Download or read book Walking the Trail, One Man's Journey Along the Cherokee Trail of Tears written by Jerry Ellis and published by . This book was released on 2021-03-14 with total page 292 pages. Available in PDF, EPUB and Kindle. Book excerpt: As of May, 2021, the book is now in development as a major feature film with Native American actors and film crew with a well known Hollywood director! This edition is NEW as a coffee table book with the original text from the very first edition, now a Native American Classic and collectible.Tony Hillerman: "Come on the Trail with Jerry Ellis.
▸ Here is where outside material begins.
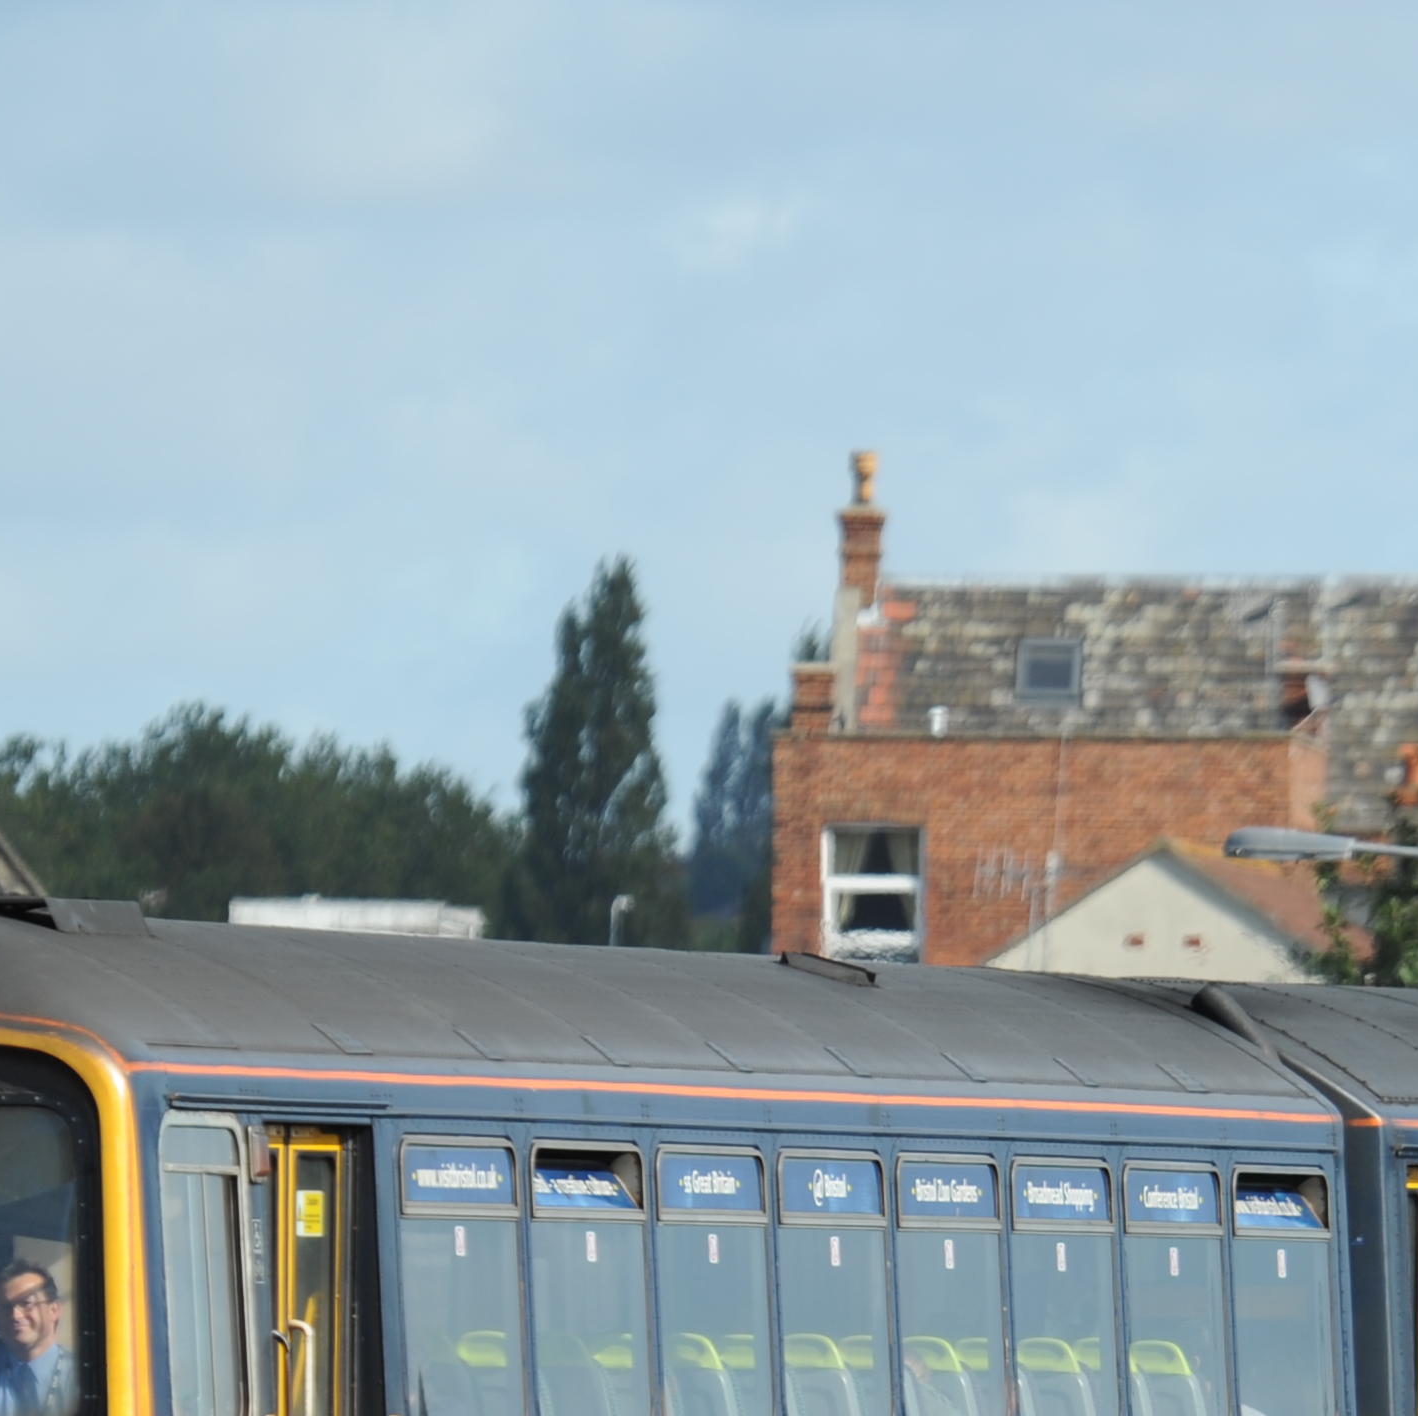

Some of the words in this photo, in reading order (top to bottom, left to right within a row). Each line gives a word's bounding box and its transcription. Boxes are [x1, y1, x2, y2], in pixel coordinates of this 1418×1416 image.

You'll love every step of it."The Cherokee author walks in reverse the 900 mile route of the Cherokee Trail of Tears to honor his ancestors and tell the world about their tragedy: In 1838, 7,000 US soldiers imprisoned 16,000 Indians in the Southeast and marched them to Indian Territory, present day Oklahoma, in the heart of winter. Many of the Cherokee were barefooted and 4,000 died along the Trail. They were buried in shallow unmarked graves.The author slept in fields, woods and kind strangers' homes to record their own thoughts and feelings about modern America and what happened to the Cherokee. The trek, one that proved deeply spiritual for the author, was life-altering. The book is interwoven with nuggets of crucial Cherokee history and myths. When the book was first published by Delacorte Press in 1991, the publisher nominated it for a Pulitzer Prize. The book has been in print ever since and the author has lectured about the book and the Trail of Tears in Europe, Asia, Africa and throughout the USA. In 2011, the book went on display in the National Teachers Hall of Fame. The book is required reading in some schools and colleges in Germany and the USA. Ellis' Cherokee short story, Cherokee Little Crow and the Big Fever, published in 2020 was an Amazon #1 New Release and Bestseller. The author has been published in The New York Times and had five plays produced. 2021 it will be published in the third language, Italian.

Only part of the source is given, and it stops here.